* Instructions for the task
For each line in the data below, write an exact copy.
*** Opening of Information ***
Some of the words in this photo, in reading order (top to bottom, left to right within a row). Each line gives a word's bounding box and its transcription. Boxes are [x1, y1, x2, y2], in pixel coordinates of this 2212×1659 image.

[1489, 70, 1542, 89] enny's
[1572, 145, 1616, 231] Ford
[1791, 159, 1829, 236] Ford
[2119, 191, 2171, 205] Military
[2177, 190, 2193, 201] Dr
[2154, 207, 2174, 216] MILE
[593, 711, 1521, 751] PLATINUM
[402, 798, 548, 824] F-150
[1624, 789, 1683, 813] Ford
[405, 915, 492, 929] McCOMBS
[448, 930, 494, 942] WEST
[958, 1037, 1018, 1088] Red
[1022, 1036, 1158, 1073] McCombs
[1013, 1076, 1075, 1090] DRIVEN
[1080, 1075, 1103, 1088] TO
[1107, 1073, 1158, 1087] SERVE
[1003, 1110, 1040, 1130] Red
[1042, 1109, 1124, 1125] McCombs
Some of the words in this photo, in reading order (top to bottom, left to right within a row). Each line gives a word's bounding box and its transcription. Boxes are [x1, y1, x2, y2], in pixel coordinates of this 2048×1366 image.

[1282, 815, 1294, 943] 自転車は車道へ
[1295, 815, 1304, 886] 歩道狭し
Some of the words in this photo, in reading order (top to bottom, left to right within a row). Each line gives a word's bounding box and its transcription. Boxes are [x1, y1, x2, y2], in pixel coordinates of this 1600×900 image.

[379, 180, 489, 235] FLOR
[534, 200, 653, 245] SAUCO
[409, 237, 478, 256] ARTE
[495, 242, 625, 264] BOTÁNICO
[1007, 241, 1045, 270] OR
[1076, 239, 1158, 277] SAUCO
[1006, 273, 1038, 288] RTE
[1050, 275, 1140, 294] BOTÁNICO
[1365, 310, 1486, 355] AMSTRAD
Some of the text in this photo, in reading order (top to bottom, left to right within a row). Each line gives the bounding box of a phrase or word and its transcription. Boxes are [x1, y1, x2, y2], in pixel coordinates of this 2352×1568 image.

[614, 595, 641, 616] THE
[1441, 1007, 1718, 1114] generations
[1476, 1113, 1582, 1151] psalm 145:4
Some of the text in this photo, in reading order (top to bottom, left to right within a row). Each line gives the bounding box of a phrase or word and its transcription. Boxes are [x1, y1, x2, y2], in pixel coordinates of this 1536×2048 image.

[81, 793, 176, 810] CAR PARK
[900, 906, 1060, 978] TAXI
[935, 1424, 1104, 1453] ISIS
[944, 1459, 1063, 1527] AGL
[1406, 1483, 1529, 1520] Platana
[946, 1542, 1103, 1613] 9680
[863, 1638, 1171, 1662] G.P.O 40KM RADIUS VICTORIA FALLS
*** Close of Information ***
* Your response
Some of the words in this photo, in reading order (top to bottom, left to right within a row). Each line gives a word's bounding box and its transcription. Boxes are [x1, y1, x2, y2], in pixel coordinates of this 2212×1659 image.

[1489, 70, 1542, 89] enny's
[1572, 145, 1616, 231] Ford
[1791, 159, 1829, 236] Ford
[2119, 191, 2171, 205] Military
[2177, 190, 2193, 201] Dr
[2154, 207, 2174, 216] MILE
[593, 711, 1521, 751] PLATINUM
[402, 798, 548, 824] F-150
[1624, 789, 1683, 813] Ford
[405, 915, 492, 929] McCOMBS
[448, 930, 494, 942] WEST
[958, 1037, 1018, 1088] Red
[1022, 1036, 1158, 1073] McCombs
[1013, 1076, 1075, 1090] DRIVEN
[1080, 1075, 1103, 1088] TO
[1107, 1073, 1158, 1087] SERVE
[1003, 1110, 1040, 1130] Red
[1042, 1109, 1124, 1125] McCombs
Some of the words in this photo, in reading order (top to bottom, left to right within a row). Each line gives a word's bounding box and its transcription. Boxes are [x1, y1, x2, y2], in pixel coordinates of this 2048×1366 image.

[1282, 815, 1294, 943] 自転車は車道へ
[1295, 815, 1304, 886] 歩道狭し
Some of the words in this photo, in reading order (top to bottom, left to right within a row). Each line gives a word's bounding box and its transcription. Boxes are [x1, y1, x2, y2], in pixel coordinates of this 1600×900 image.

[379, 180, 489, 235] FLOR
[534, 200, 653, 245] SAUCO
[409, 237, 478, 256] ARTE
[495, 242, 625, 264] BOTÁNICO
[1007, 241, 1045, 270] OR
[1076, 239, 1158, 277] SAUCO
[1006, 273, 1038, 288] RTE
[1050, 275, 1140, 294] BOTÁNICO
[1365, 310, 1486, 355] AMSTRAD
Some of the text in this photo, in reading order (top to bottom, left to right within a row). Each line gives the bounding box of a phrase or word and its transcription. Boxes are [x1, y1, x2, y2], in pixel coordinates of this 2352×1568 image.

[614, 595, 641, 616] THE
[1441, 1007, 1718, 1114] generations
[1476, 1113, 1582, 1151] psalm 145:4
Some of the text in this photo, in reading order (top to bottom, left to right within a row). Each line gives the bounding box of a phrase or word and its transcription. Boxes are [x1, y1, x2, y2], in pixel coordinates of this 1536×2048 image.

[81, 793, 176, 810] CAR PARK
[900, 906, 1060, 978] TAXI
[935, 1424, 1104, 1453] ISIS
[944, 1459, 1063, 1527] AGL
[1406, 1483, 1529, 1520] Platana
[946, 1542, 1103, 1613] 9680
[863, 1638, 1171, 1662] G.P.O 40KM RADIUS VICTORIA FALLS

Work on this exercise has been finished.